No significant alterations in serum metabolites were detected during the experiment, p>0.05 in all cases. Serum sodium remained constant throughout each experiment (139±2, mmolL-1)

Discussion

This study has shown the feasibility of using dynamic quantitative sodium imaging to non-invasively monitor physiological alterations induced by acute diuresis, detecting early alterations in the cortico-medullar gradient.

Further study in to the use of dynamic sodium imaging to assess the glomerular filtration rate may be possible.

A limitation, however, of this work is the lack of tissue validation for sodium concentration results, which would further strengthen the study.

Conclusion

In conclusion, this work provides evidence for the use of an efficient UTE k-space trajectory, 3D cones, to image temporal alterations in renal sodium distribution after the introduction of an acute diuretic. This work was undertaken on a clinical system with a scan time and FOV useable in patients, providing further evidence for the translation of renal sodium imaging in to clinical practise.

Acknowledgements

This study was funded by the Medical Research Council and Aarhus University

References

1. Madelin, G. Sodium Magnetic Resonance Imaging: Biomedical Applications. (2012).

2. Moon, C. H. et al. Quantitative sodium MR imaging of native versus transplanted kidneys using a dual-tuned proton/sodium (1H/23Na) coil: Initial experience. Eur. Radiol. 24, 1320–1326 (2014).

3. Maril, N., Margalit, R., Rosen, S., Heyman, S. N. & Degani, H. Detection of evolving acute tubular necrosis with renal 23Na MRI: studies in rats. Kidney Int. 69, 765–768 (2006).

4. Maril, N., Margalit, R., Mispelter, J. & Degani, H. Sodium magnetic resonance imaging of diuresis: Spatial and kinetic response. Magn. Reson. Med. 53, 545–552 (2005).

5. Maril, N., Margalit, R., Mispelter, J. & Degani, H. Functional sodium magnetic resonance imaging of the intact rat kidney. Kidney Int. 65, 927–935 (2004).

6. Gurney, P. T., Hargreaves, B. a & Nishimura, D. G. Design and analysis of a practical 3D cones trajectory. Magn. Reson. Med. 55, 575–82 (2006).

7. Milani, B. et al.
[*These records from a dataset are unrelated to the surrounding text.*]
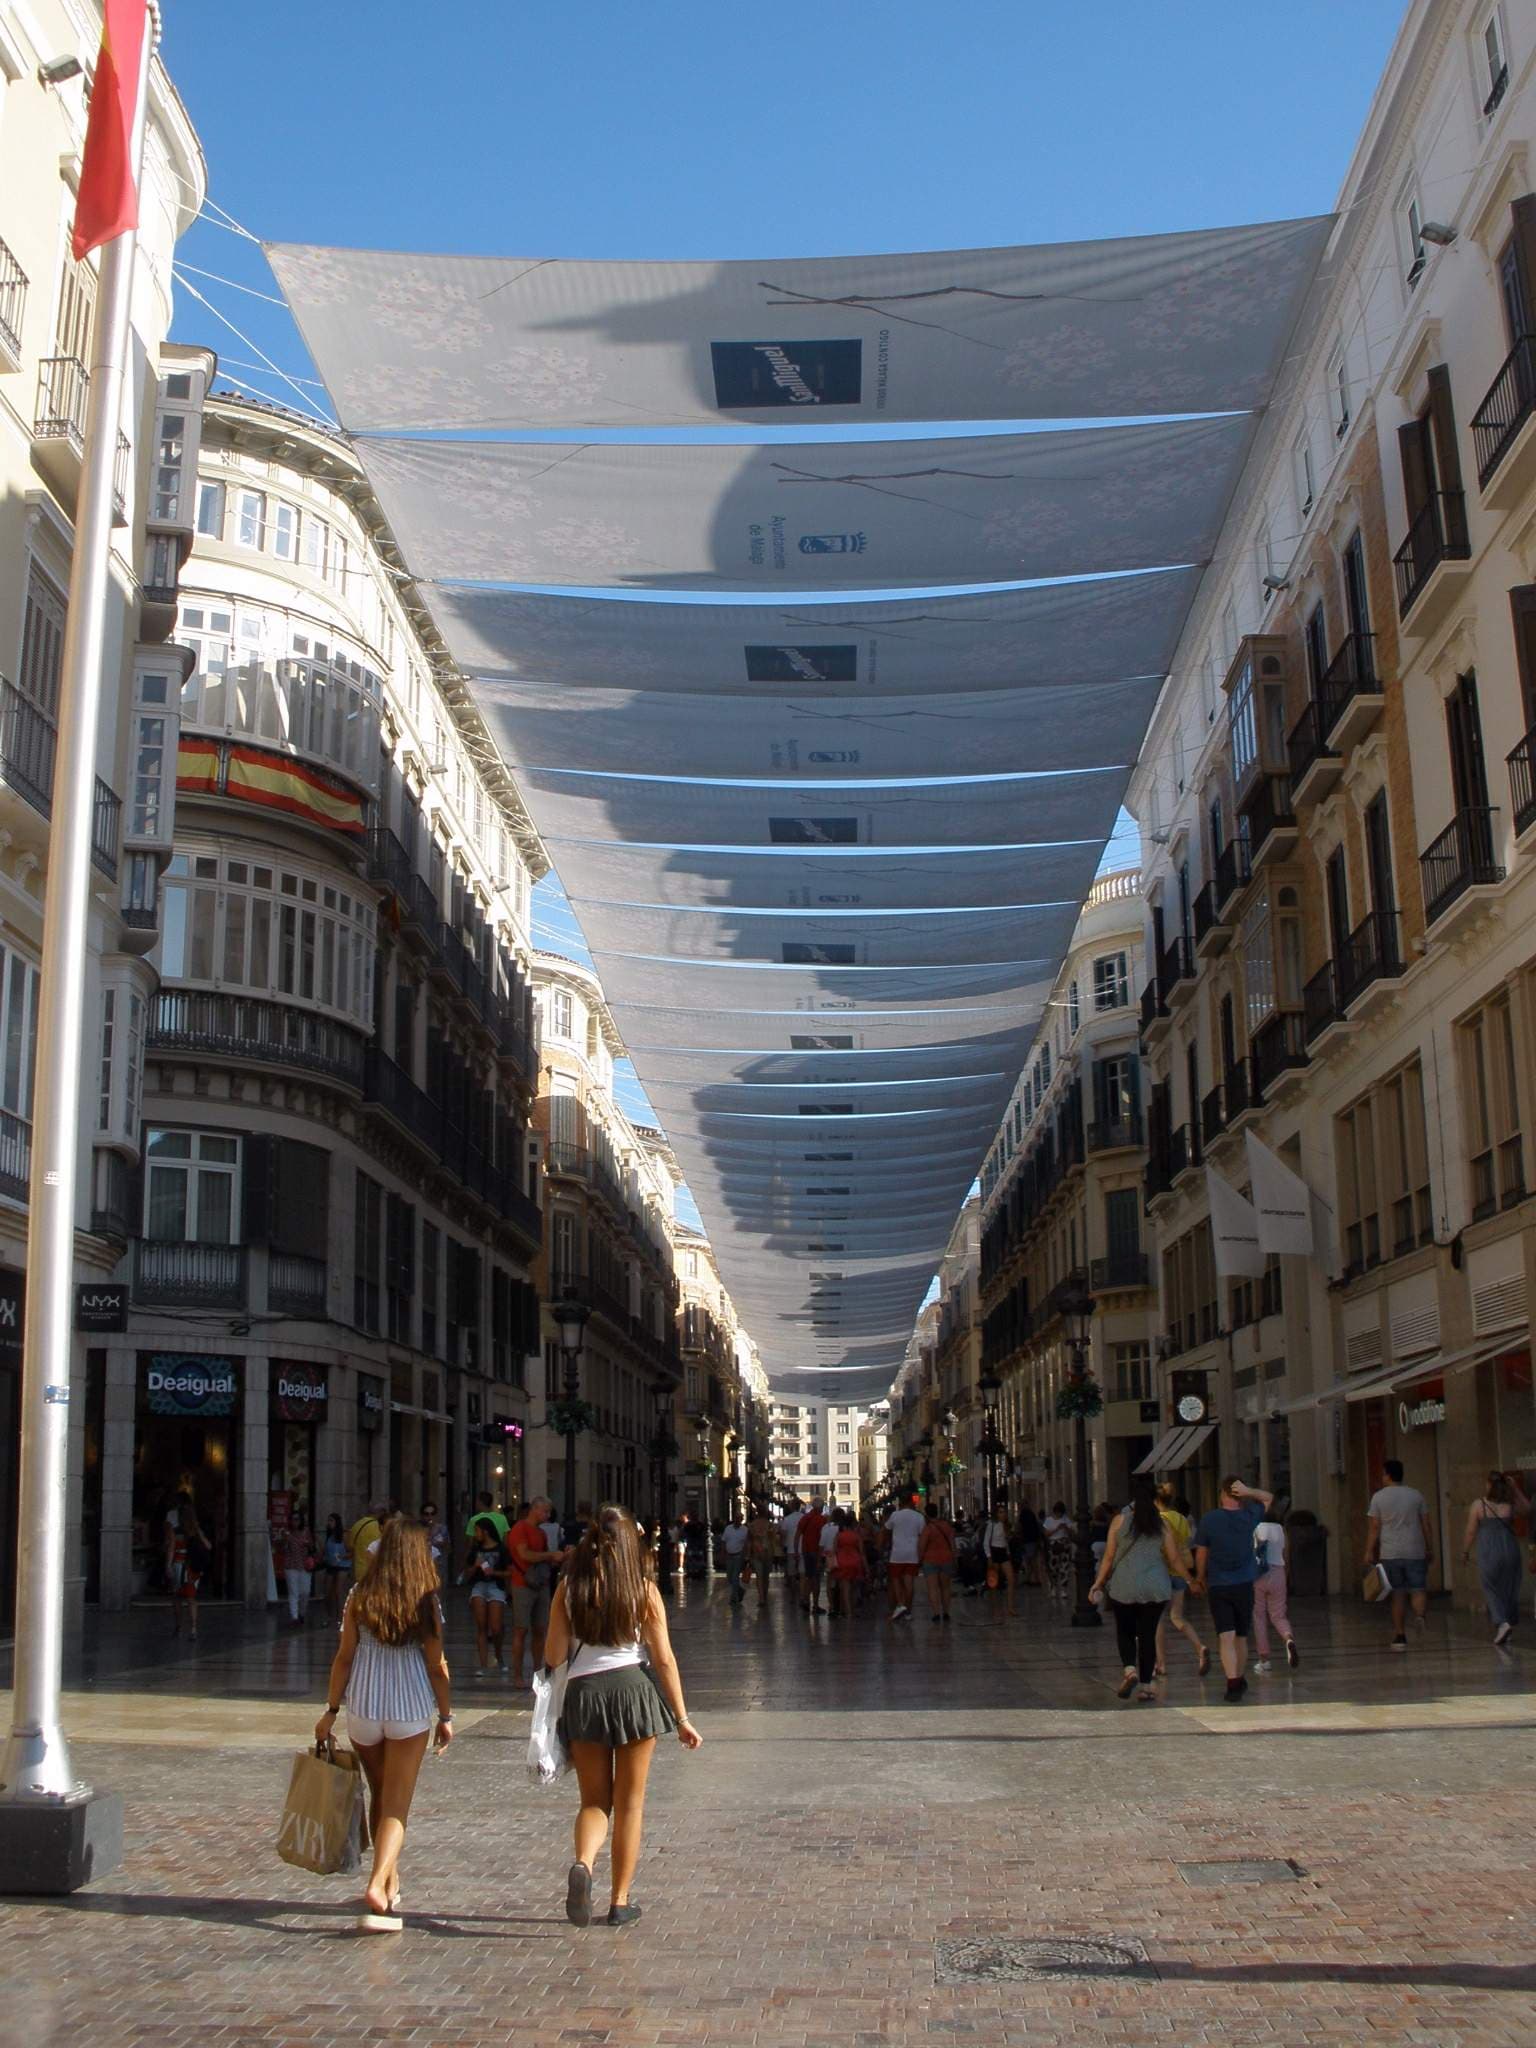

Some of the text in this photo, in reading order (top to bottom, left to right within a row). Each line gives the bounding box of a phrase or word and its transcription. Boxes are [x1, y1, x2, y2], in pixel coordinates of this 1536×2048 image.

[878, 329, 889, 362] CONTIGO
[82, 1295, 120, 1307] NYX
[148, 1373, 233, 1395] Desigual
[278, 1378, 326, 1401] Desigual
[1409, 1399, 1446, 1427] vodafone
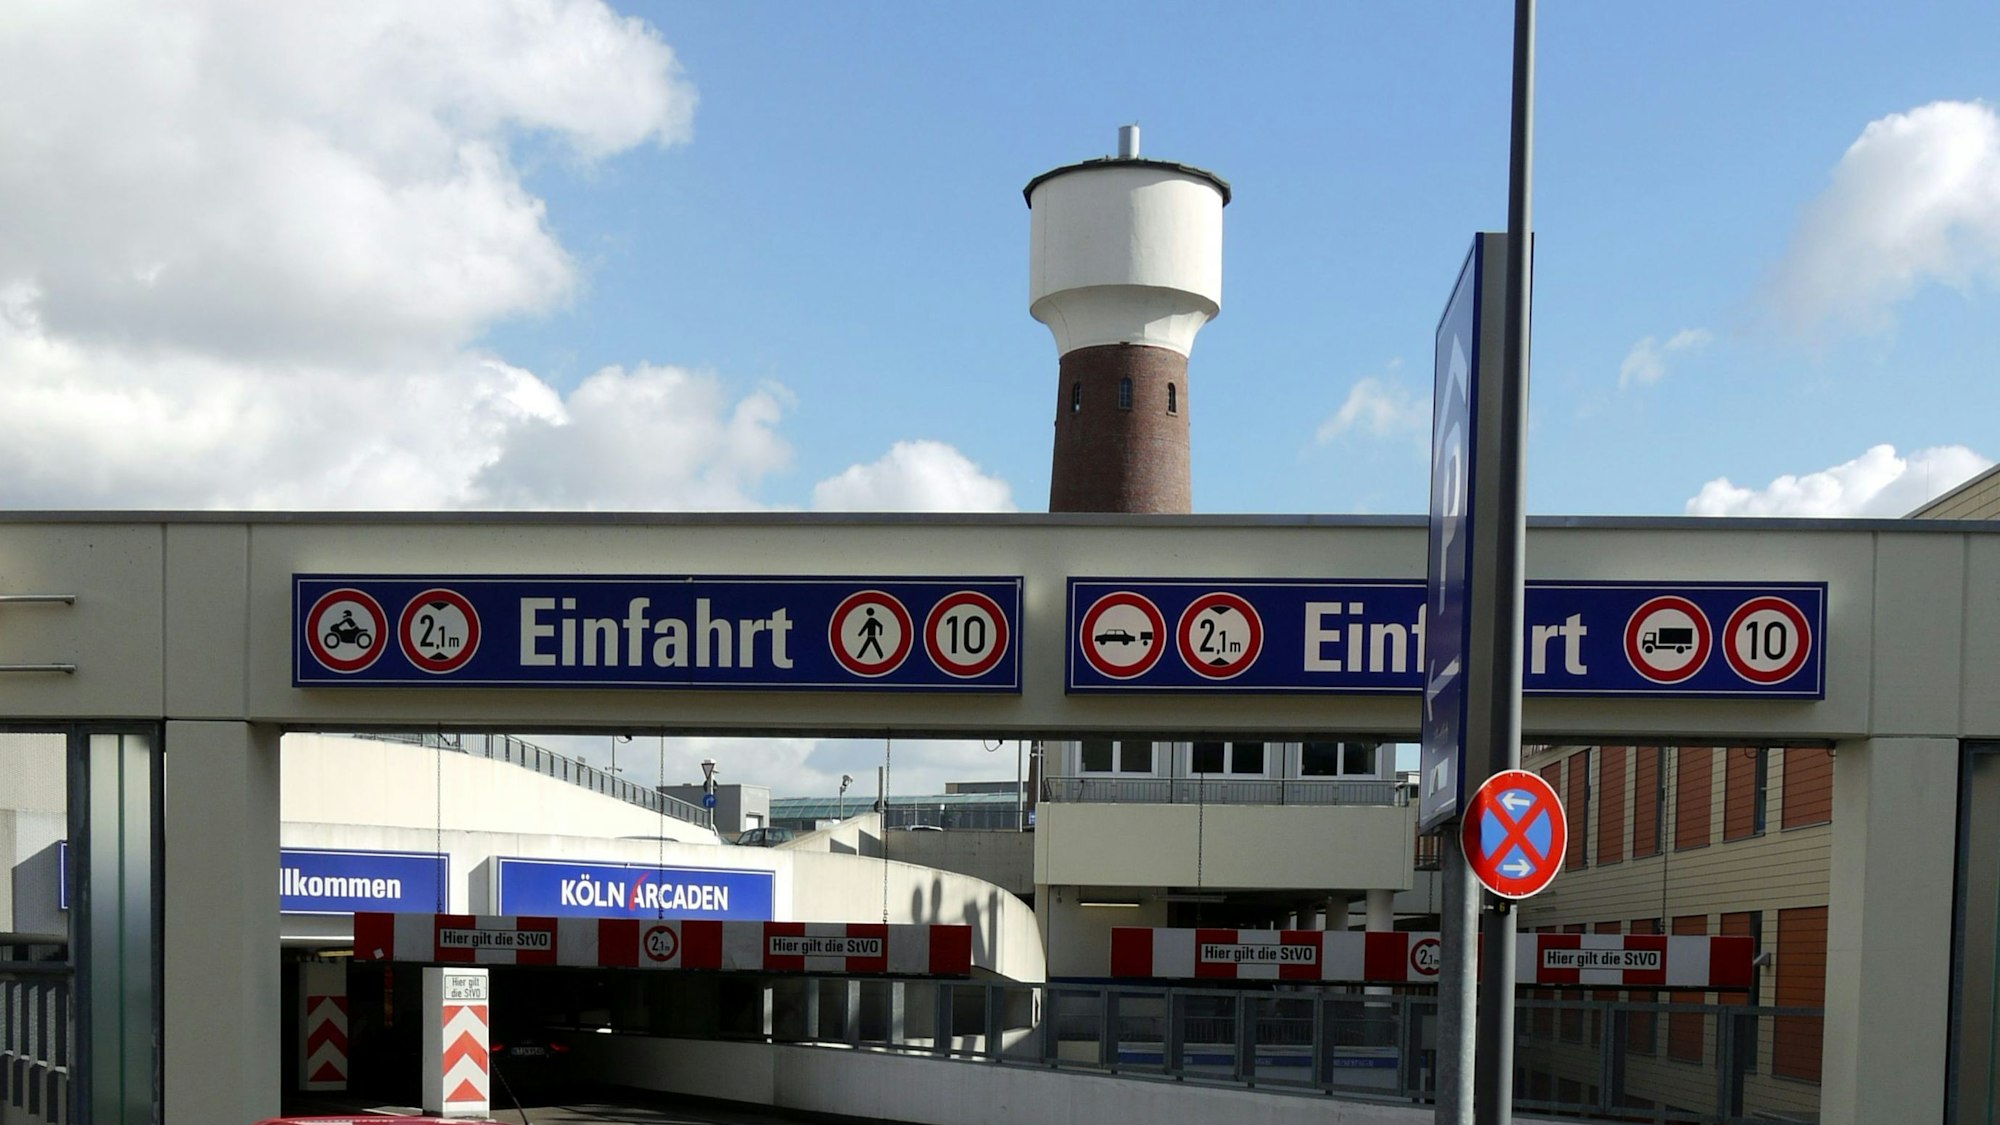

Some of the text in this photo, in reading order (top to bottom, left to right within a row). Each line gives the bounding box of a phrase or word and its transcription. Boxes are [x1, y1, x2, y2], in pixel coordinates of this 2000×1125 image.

[520, 597, 794, 669] Einfahrt
[946, 615, 985, 654] 10
[1303, 601, 1588, 676] Einfrt
[1746, 621, 1787, 660] 10
[561, 872, 729, 911] KÖLN ARCADEN
[443, 931, 548, 947] Hier gilt die StVO
[773, 939, 879, 954] Hier gilt die StVO
[1205, 946, 1313, 962] Hier gilt die StVO
[1547, 951, 1657, 967] Hier gilt die StVO
[452, 976, 480, 988] Hier gilt
[451, 988, 481, 998] die StVO
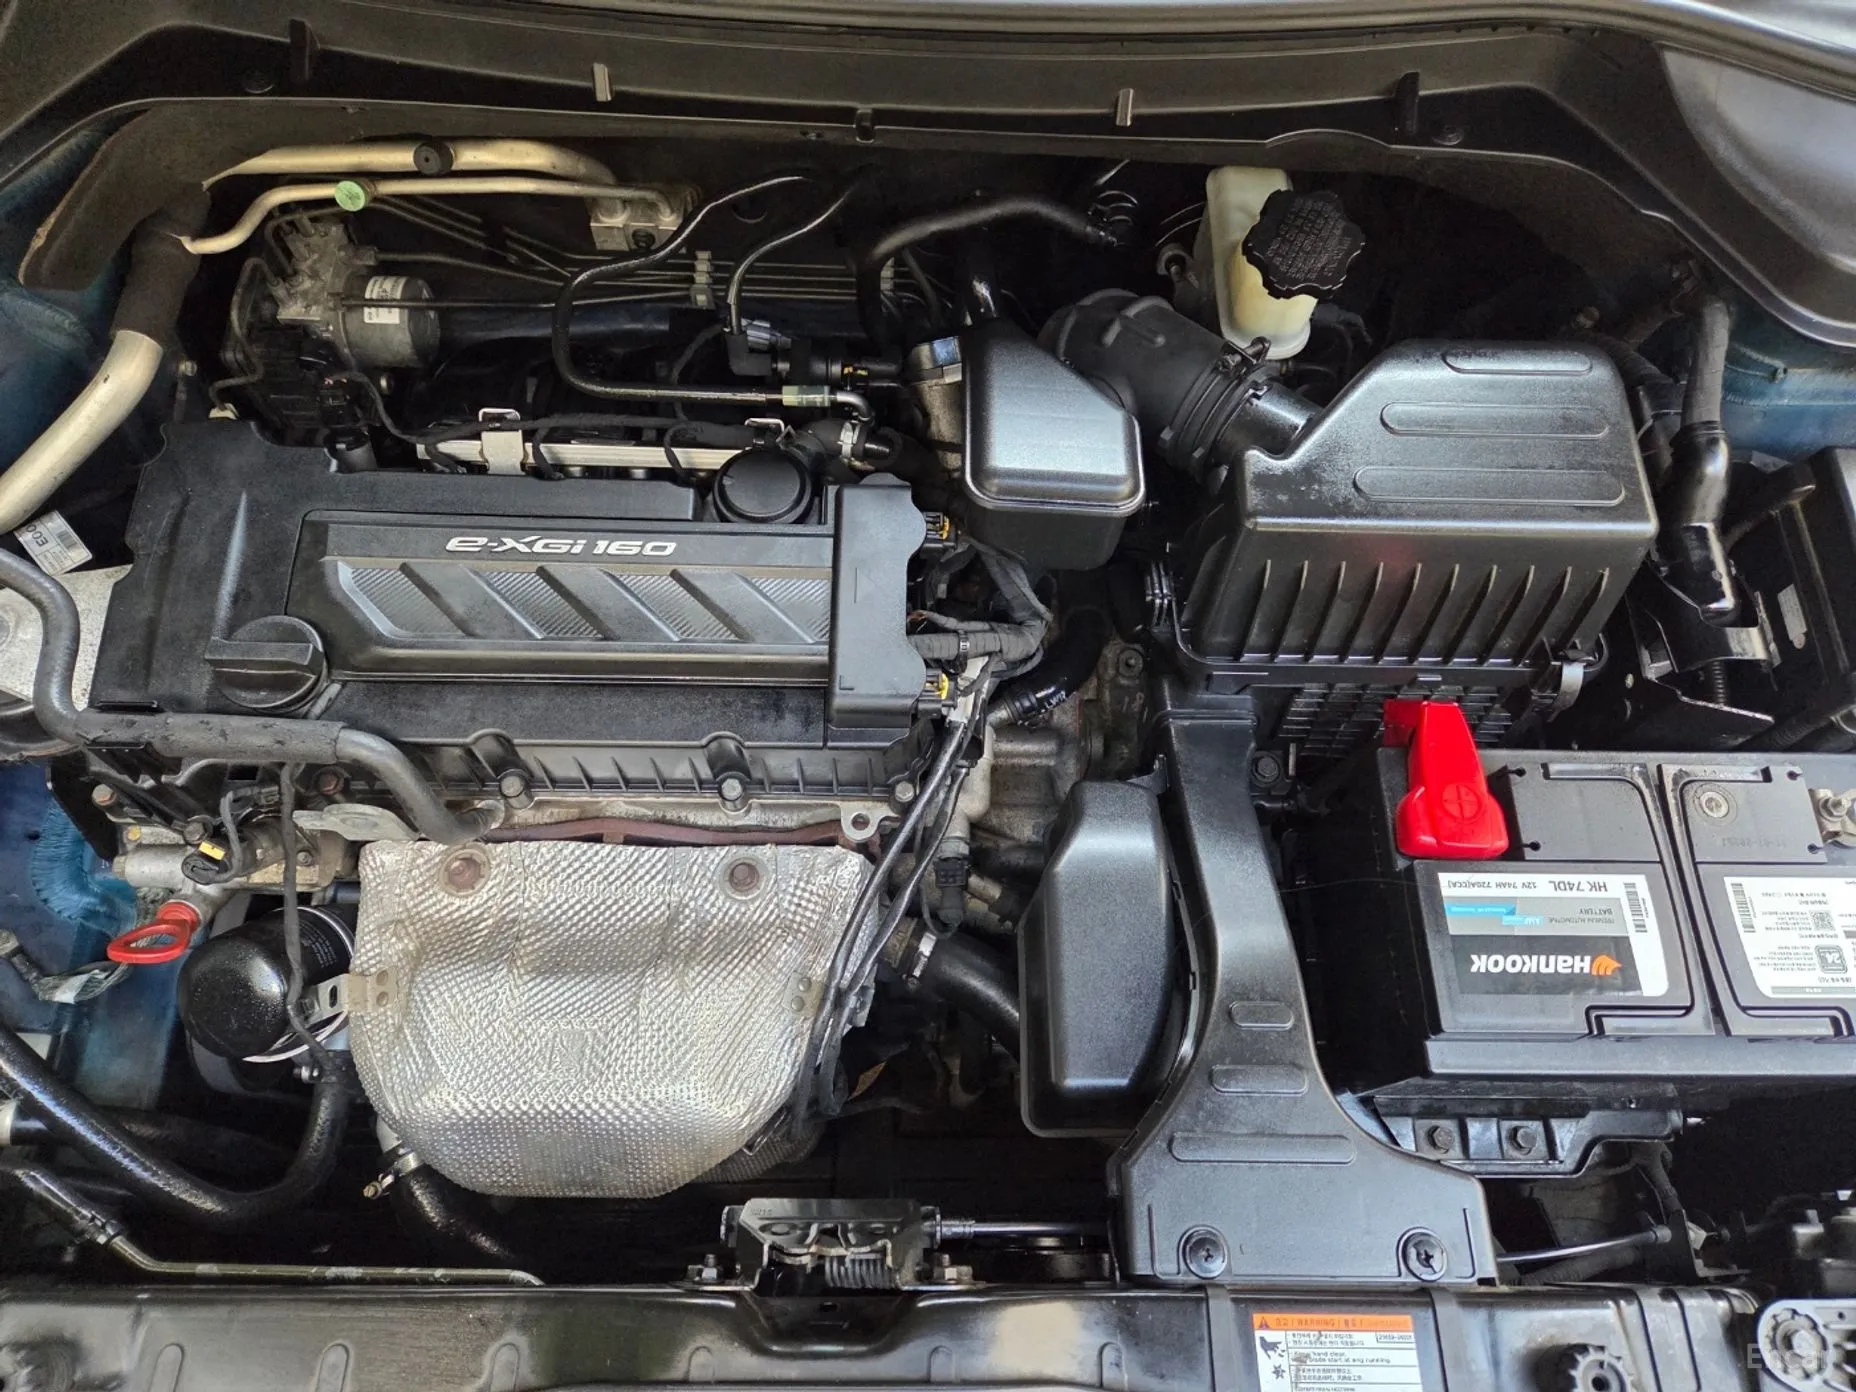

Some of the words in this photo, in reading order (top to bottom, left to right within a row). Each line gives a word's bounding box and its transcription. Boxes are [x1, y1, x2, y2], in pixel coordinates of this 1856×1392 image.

[592, 540, 678, 557] 160
[1495, 881, 1517, 889] 74AH
[1521, 881, 1537, 889] 12V
[1548, 880, 1585, 892] 74DL
[1589, 881, 1608, 893] HK
[1579, 907, 1613, 915] BATTERY
[1297, 1318, 1336, 1328] WARNING
Reduction of cortical oxygenation in chronic kidney disease: evidence obtained with a new analysis method of blood oxygenation level-dependent magnetic resonance imaging. Nephrol. Dial. Transplant. gfw362 (2016). doi:10.1093/ndt/gfw362

8. Christensen, J. D., Barrere, B. J., Boada, F. E., Vevea, J. M. & Thulborn, K. R. Quantitative tissue sodium concentration mapping of normal rat brain. Magn. Reson. Med. 36, 83–89 (1996).

Figures

Figure 1. Example kidney (A) and ROI segmentation (B) images of porcine renal medulla (blue) and cortex (yellow), whole kidney is a combination of both ROIs.

Figure 2. Example fused T1-weighted and sodium concentration maps. Image A shows a T1-weighted anatomical image of the kidney. Image B shows sodium distribution before furosemide. Image C shows the sodium distribution 20 minutes post furosemide.

Figure 3. Segmented total sodium concentration values (mmolL-1) pre- and 20 minutes post-furosemide. N = 3 per segment, plotted mean ± 1 SD.

Figure 4. The porcine cortico-medullary sodium gradient at baseline and 30 minutes after injection of furosemide, error bars show the concentration standard deviation, N = 3 per layer. B shows the dynamic change in angle of linear fit after furosemide, plotted mean ± 1SD. * = significant from baseline angle (p<0.05).